• _Records shown_:
Content starts

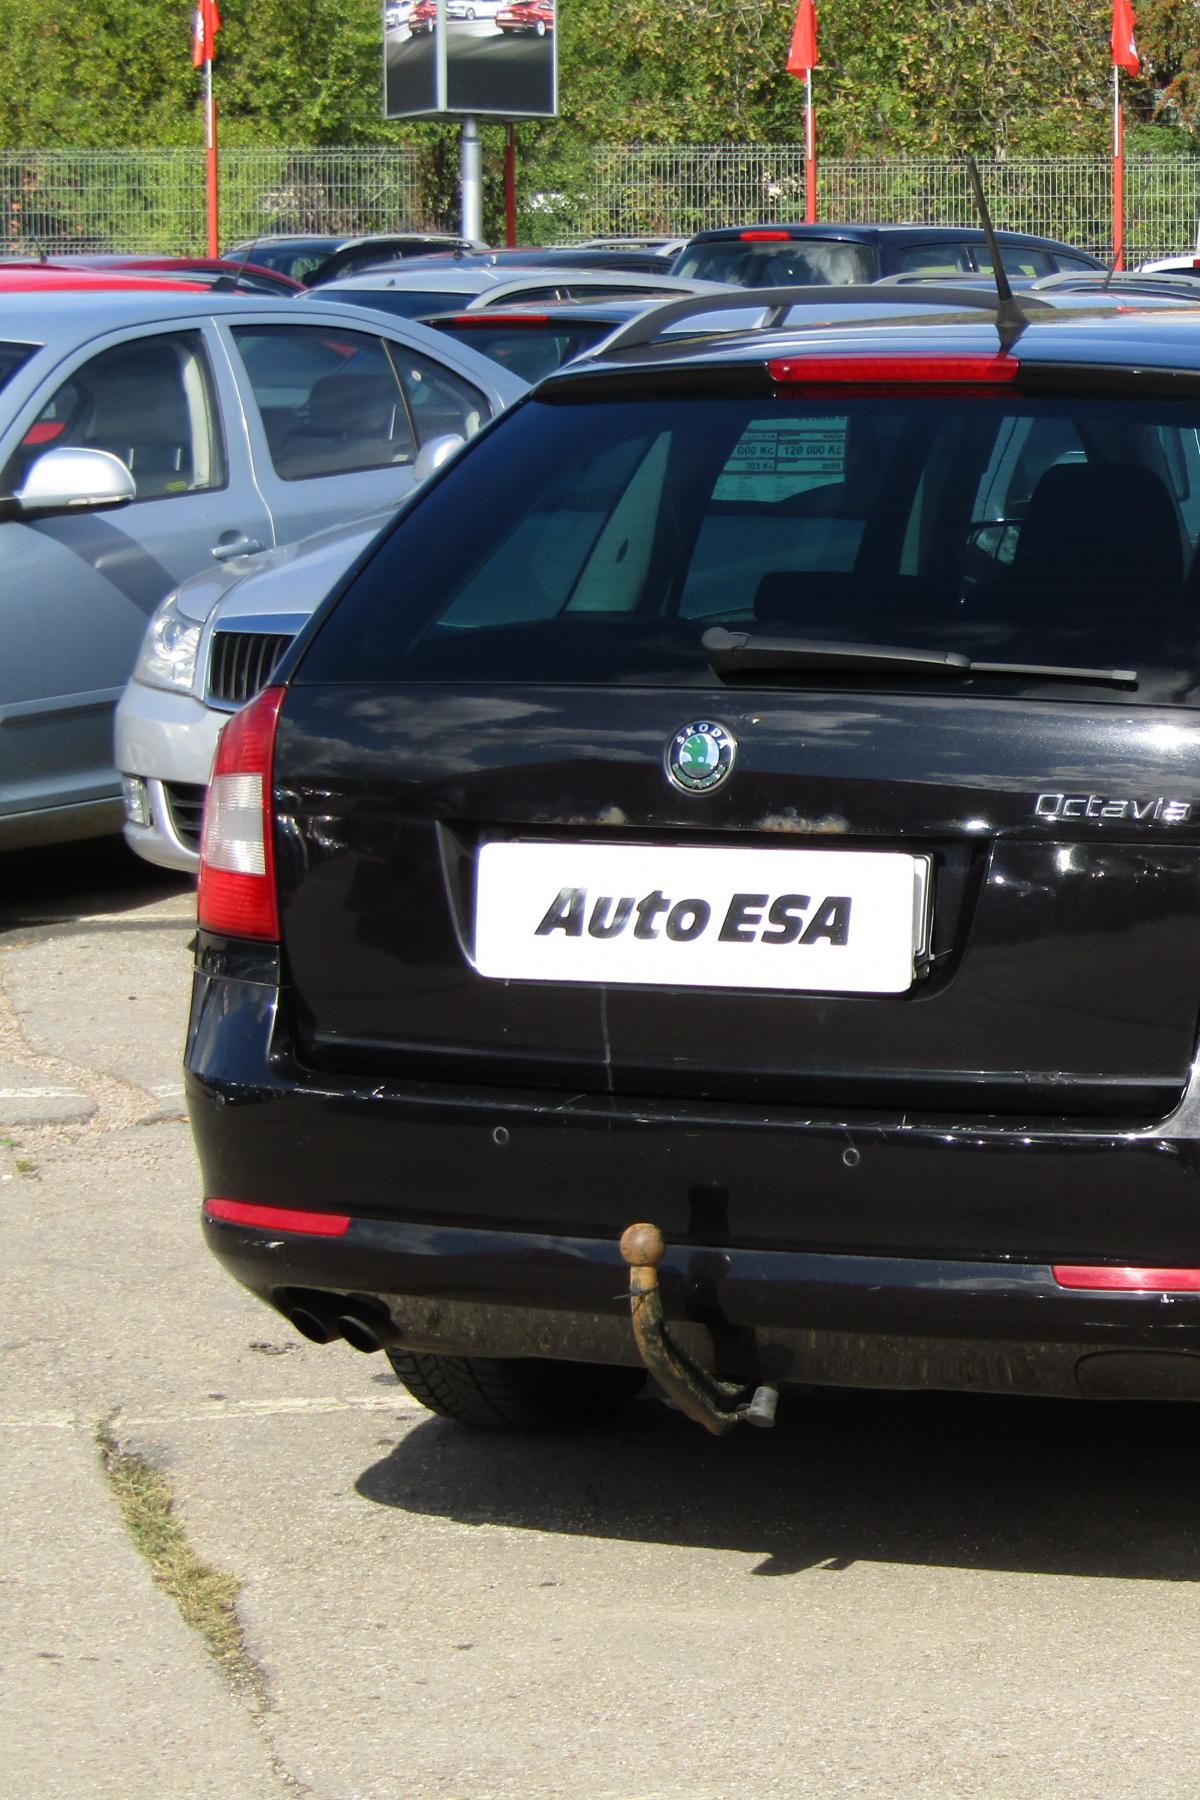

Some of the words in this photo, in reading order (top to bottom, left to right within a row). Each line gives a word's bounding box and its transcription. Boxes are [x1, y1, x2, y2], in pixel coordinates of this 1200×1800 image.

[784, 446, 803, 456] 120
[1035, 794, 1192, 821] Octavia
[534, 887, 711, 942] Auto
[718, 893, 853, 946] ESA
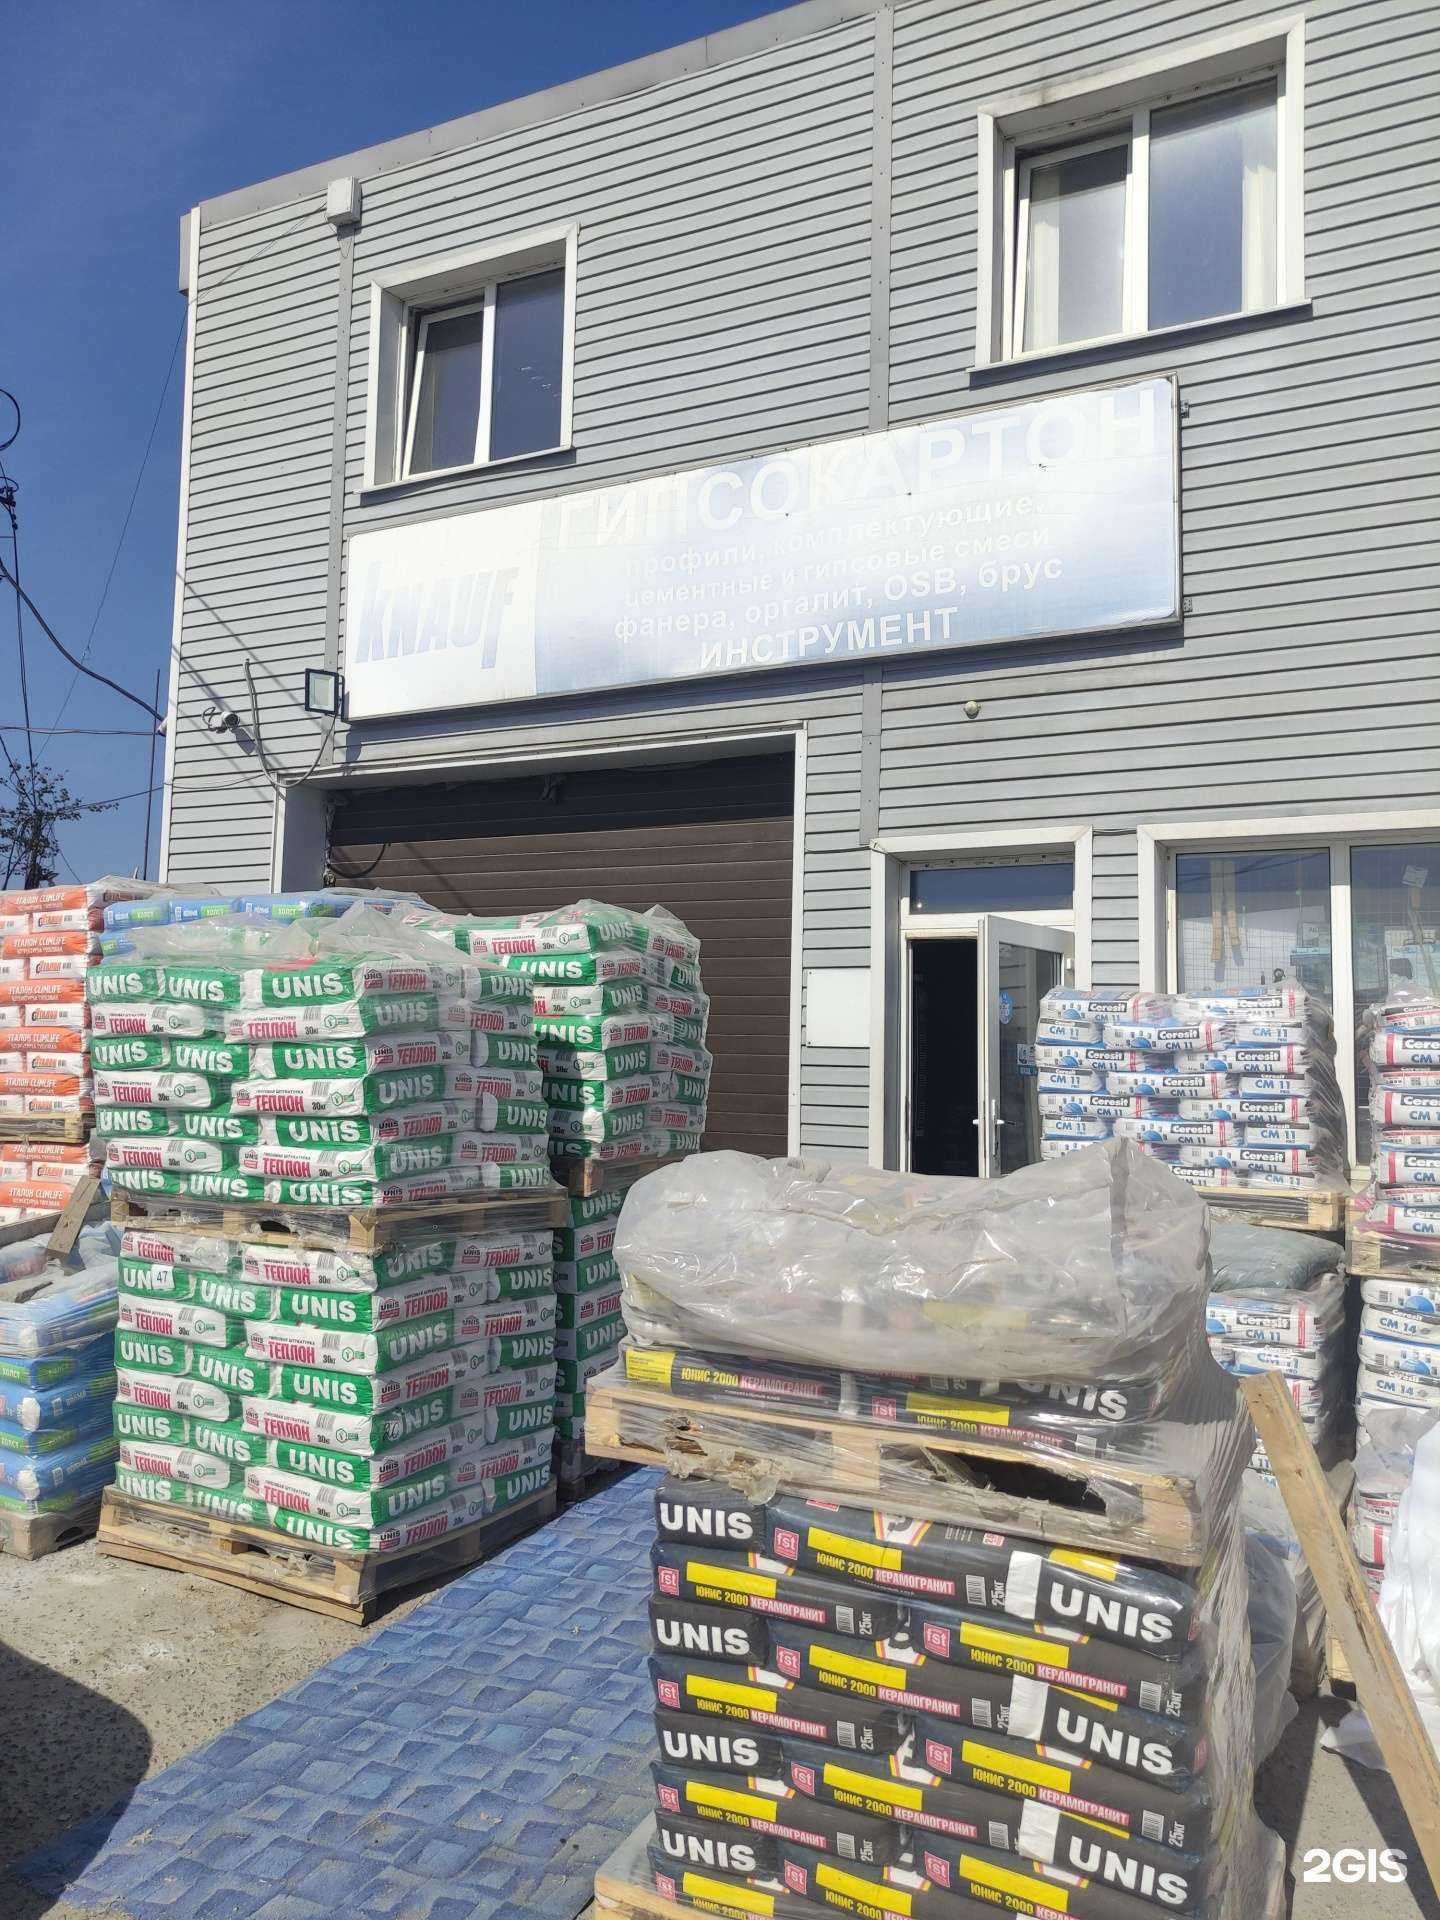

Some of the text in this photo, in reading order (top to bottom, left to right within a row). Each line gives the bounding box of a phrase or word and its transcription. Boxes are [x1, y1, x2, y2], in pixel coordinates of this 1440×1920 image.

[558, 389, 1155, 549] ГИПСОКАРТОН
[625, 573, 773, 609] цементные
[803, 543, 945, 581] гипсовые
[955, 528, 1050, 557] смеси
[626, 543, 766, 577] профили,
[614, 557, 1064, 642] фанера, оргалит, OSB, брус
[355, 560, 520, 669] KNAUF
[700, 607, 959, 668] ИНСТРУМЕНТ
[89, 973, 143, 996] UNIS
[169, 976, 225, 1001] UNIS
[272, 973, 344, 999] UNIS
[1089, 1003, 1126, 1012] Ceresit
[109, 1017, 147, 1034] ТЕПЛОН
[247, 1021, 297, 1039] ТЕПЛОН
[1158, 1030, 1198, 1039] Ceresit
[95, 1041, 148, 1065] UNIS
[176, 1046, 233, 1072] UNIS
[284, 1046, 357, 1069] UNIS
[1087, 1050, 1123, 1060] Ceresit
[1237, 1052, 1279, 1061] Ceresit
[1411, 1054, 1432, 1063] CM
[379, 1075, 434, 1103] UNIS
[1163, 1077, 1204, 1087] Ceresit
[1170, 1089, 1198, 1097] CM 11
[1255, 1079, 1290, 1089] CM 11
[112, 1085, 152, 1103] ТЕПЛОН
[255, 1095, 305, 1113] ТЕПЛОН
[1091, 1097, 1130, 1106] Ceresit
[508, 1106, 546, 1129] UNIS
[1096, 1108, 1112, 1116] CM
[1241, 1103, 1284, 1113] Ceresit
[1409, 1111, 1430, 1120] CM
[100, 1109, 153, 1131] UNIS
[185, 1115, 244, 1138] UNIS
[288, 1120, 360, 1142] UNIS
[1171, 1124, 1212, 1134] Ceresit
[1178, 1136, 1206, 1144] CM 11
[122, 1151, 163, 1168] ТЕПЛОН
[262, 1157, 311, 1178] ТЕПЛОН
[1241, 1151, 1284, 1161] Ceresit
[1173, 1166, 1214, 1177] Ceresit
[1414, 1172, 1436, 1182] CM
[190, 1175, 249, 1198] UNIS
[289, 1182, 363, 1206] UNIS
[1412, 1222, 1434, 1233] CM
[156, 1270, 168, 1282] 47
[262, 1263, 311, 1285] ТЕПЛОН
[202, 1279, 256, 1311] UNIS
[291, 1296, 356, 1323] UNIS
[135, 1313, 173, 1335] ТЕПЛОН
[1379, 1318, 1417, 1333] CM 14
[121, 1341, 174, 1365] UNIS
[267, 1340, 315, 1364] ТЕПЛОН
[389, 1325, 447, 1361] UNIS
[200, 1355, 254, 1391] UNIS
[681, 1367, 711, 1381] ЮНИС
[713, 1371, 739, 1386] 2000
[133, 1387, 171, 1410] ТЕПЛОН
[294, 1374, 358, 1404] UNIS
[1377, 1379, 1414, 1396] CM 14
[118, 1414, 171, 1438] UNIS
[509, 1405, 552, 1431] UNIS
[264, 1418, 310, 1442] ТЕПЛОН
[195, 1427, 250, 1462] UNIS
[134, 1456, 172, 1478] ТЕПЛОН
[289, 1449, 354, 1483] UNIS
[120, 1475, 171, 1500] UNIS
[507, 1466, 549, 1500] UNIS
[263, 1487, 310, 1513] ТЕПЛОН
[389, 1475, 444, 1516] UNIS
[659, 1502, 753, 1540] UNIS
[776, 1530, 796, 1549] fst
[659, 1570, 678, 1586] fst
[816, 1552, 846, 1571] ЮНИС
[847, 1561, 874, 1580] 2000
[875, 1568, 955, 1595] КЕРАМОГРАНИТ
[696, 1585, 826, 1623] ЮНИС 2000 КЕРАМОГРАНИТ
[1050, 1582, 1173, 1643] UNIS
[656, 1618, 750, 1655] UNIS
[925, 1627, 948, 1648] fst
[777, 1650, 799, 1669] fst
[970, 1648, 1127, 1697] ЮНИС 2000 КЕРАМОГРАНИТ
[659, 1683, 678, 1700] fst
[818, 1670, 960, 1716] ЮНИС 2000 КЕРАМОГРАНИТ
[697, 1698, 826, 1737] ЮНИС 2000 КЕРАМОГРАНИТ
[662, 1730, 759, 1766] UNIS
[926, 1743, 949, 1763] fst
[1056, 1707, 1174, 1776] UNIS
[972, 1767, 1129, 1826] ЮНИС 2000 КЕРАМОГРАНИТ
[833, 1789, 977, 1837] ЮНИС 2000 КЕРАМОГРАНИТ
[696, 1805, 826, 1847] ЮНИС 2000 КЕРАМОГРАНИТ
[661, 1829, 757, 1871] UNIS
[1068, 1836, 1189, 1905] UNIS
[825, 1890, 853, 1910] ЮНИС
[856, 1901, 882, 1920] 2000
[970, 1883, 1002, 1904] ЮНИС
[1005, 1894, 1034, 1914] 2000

Content ends

• _What the exercise asks_: Where a line in the records above contains the word "Some", copy that line.

• _Problem solution_:
Some of the words in this photo, in reading order (top to bottom, left to right within a row). Each line gives a word's bounding box and its transcription. Boxes are [x1, y1, x2, y2], in pixel coordinates of this 1200×1800 image.
Some of the text in this photo, in reading order (top to bottom, left to right within a row). Each line gives the bounding box of a phrase or word and its transcription. Boxes are [x1, y1, x2, y2], in pixel coordinates of this 1440×1920 image.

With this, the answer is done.